DIRECTIONS ->
Your copy must hold all of the data below, unchanged and without images.

[Start of section]

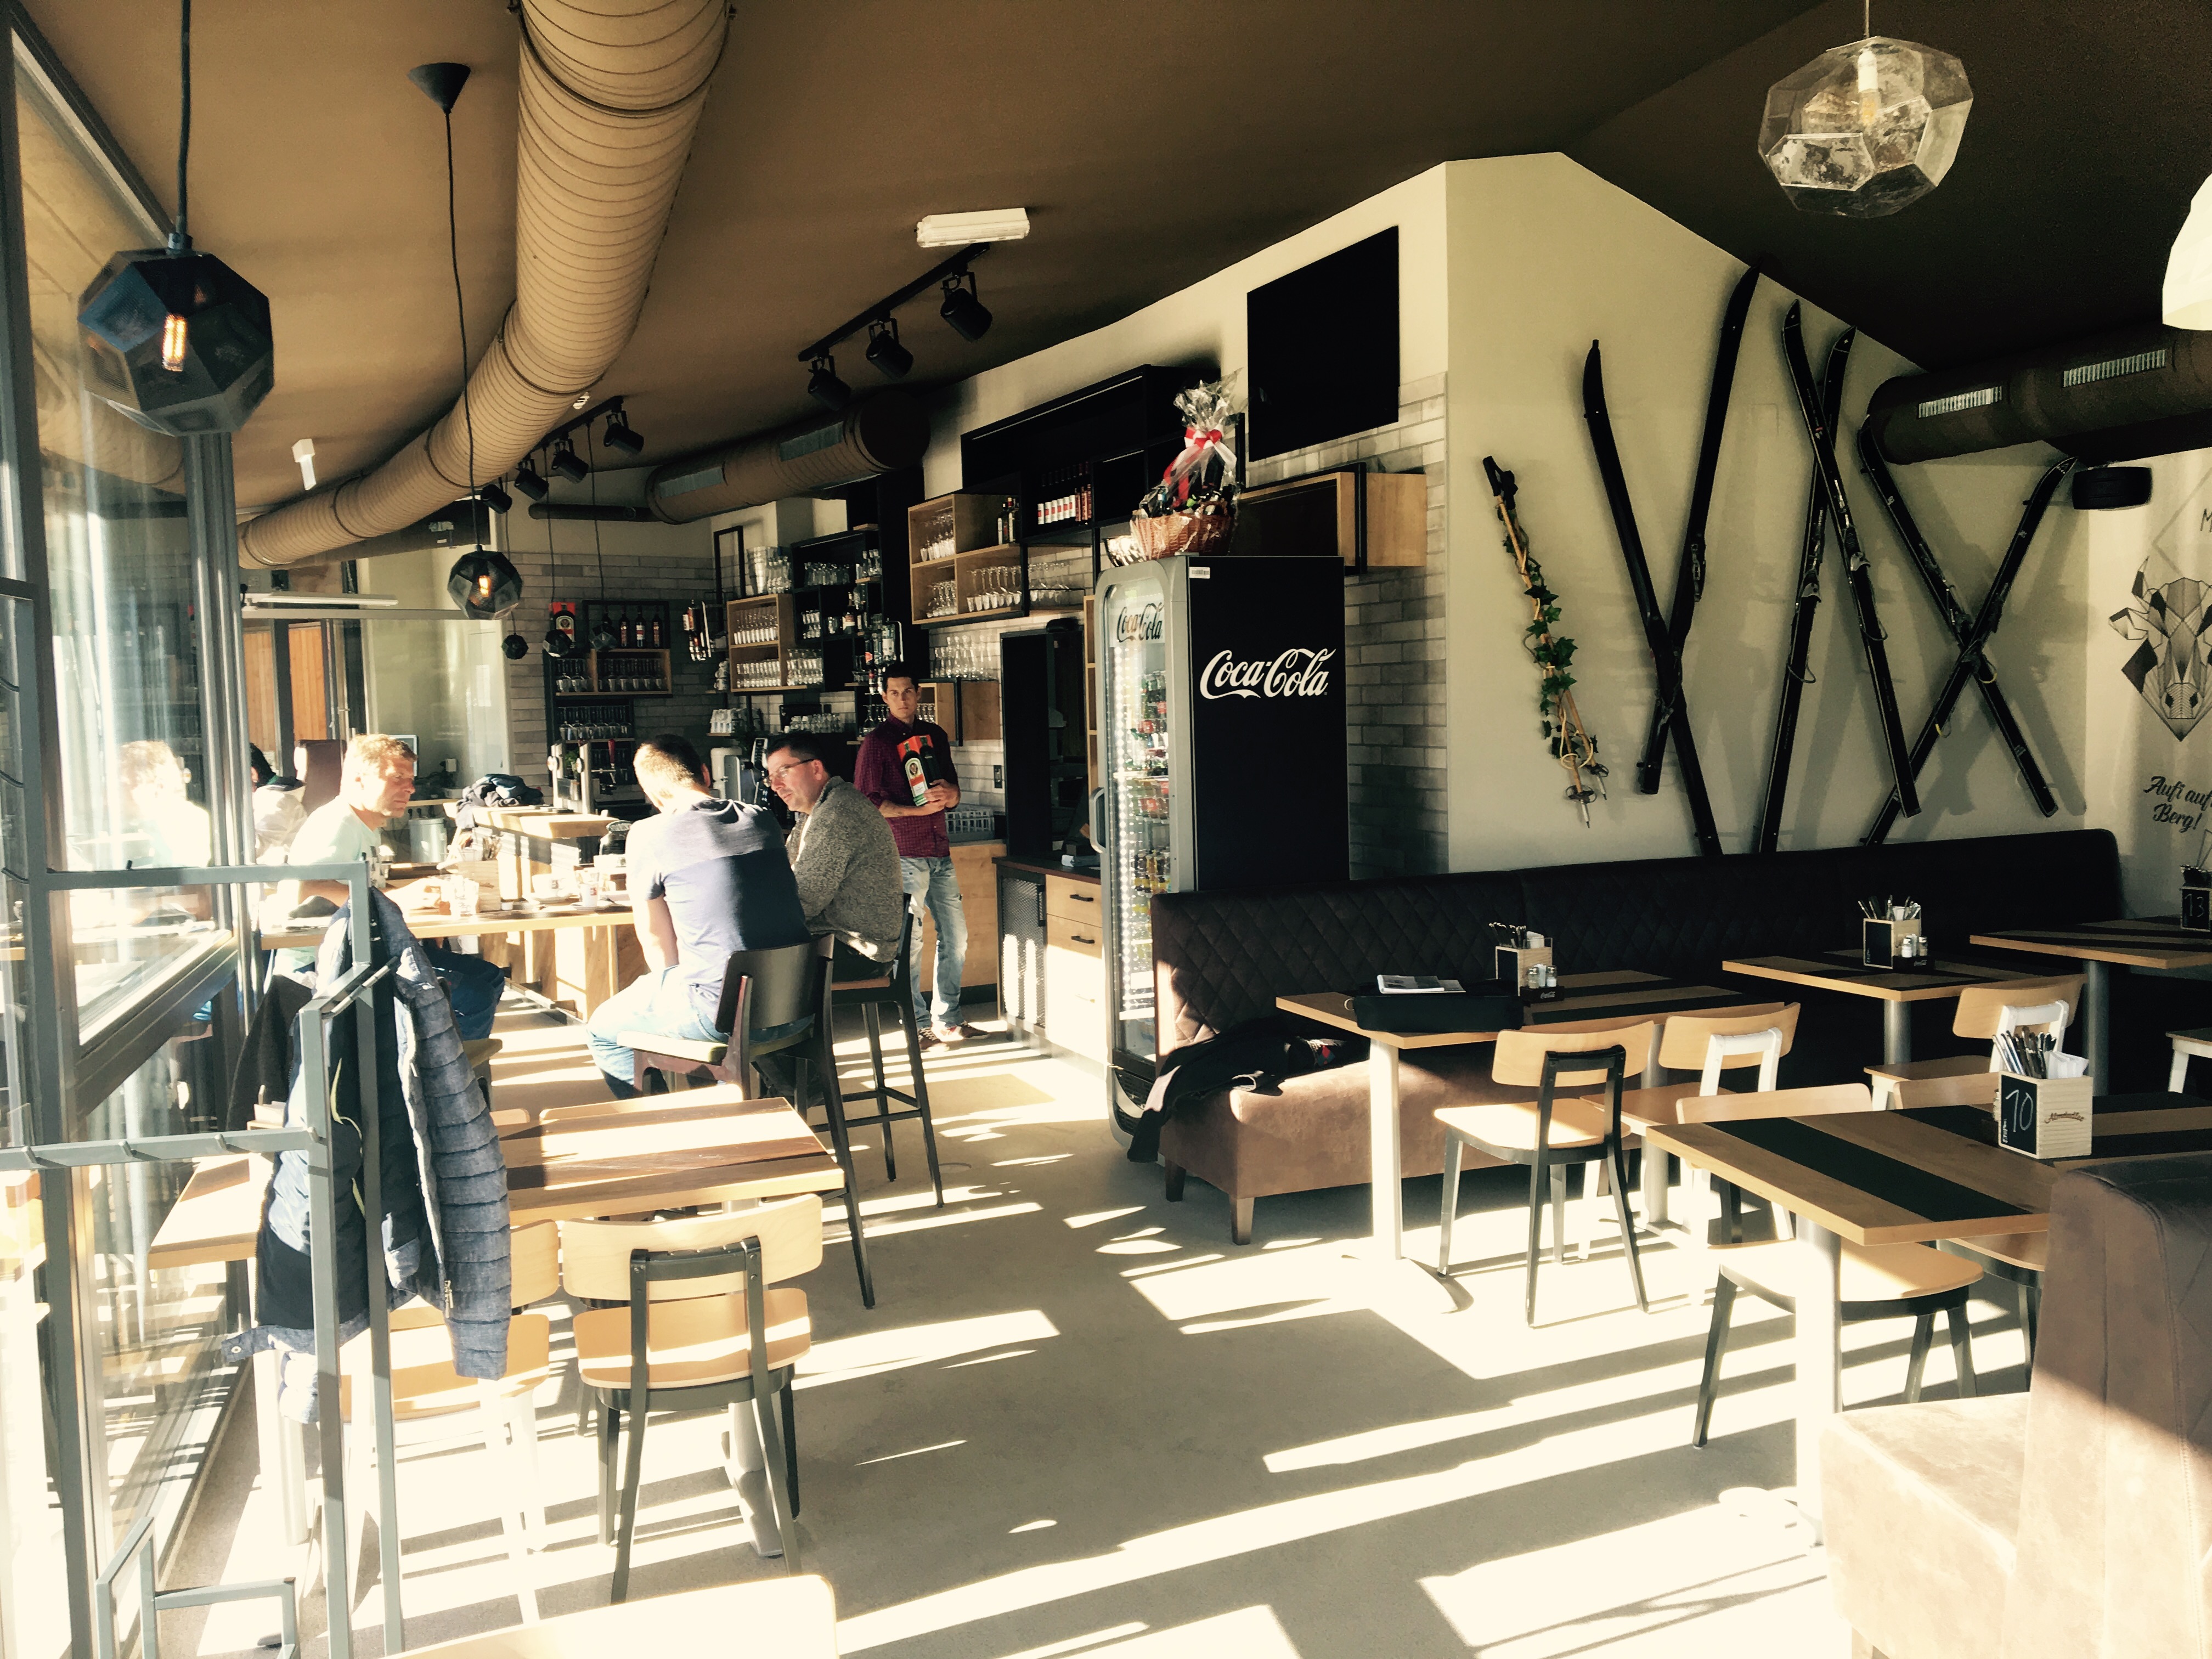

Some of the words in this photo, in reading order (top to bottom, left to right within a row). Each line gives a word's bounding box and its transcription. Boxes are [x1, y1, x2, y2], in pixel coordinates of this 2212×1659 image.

[1200, 648, 1336, 699] Coca-Cola
[2143, 776, 2186, 803] Aufi
[2152, 803, 2203, 833] Berg!
[2184, 893, 2205, 918] 13
[2005, 1089, 2034, 1132] 10
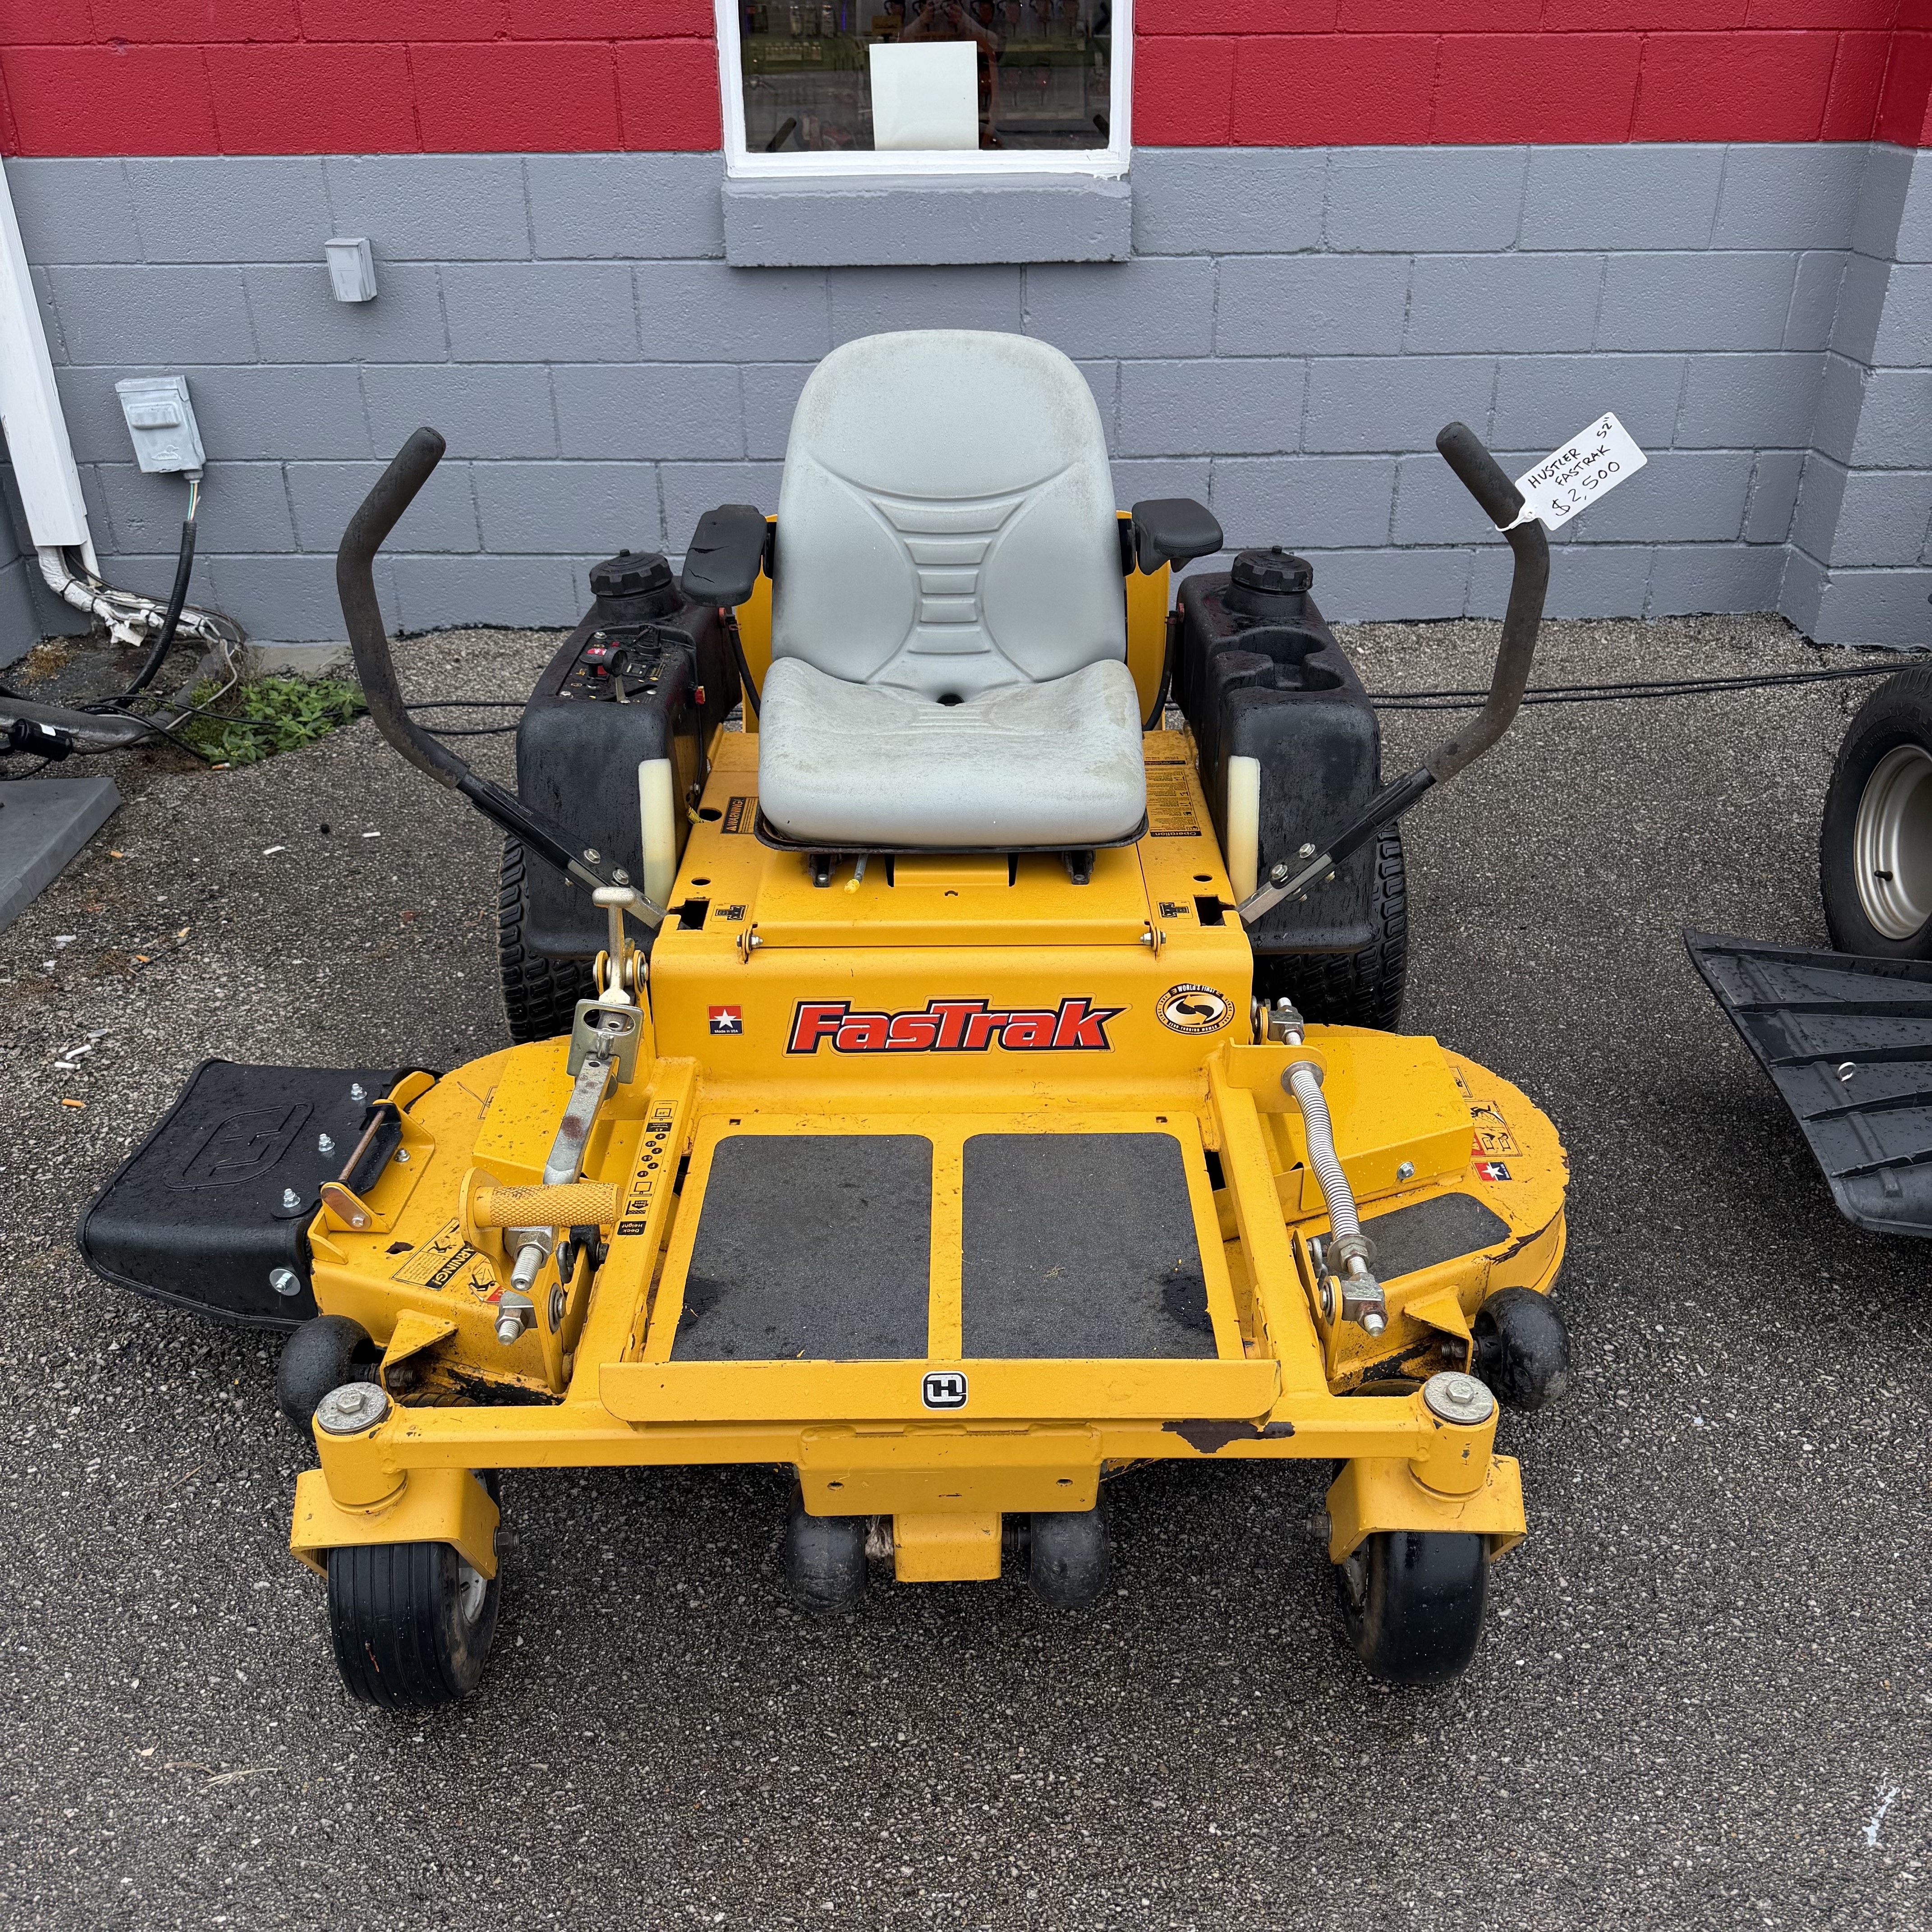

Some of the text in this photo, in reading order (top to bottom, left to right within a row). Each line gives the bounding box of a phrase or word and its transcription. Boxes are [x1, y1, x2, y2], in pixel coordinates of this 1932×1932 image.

[End of section]

THE ANSWER ->
Some of the words in this photo, in reading order (top to bottom, left to right within a row). Each line gives a word's bounding box and its transcription. Boxes are [x1, y1, x2, y2], in pixel coordinates of this 2212×1659 image.

[1200, 648, 1336, 699] Coca-Cola
[2143, 776, 2186, 803] Aufi
[2152, 803, 2203, 833] Berg!
[2184, 893, 2205, 918] 13
[2005, 1089, 2034, 1132] 10

Some of the text in this photo, in reading order (top to bottom, left to right within a row). Each line gives the bounding box of a phrase or word and its transcription. Boxes are [x1, y1, x2, y2], in pixel coordinates of this 1932×1932 image.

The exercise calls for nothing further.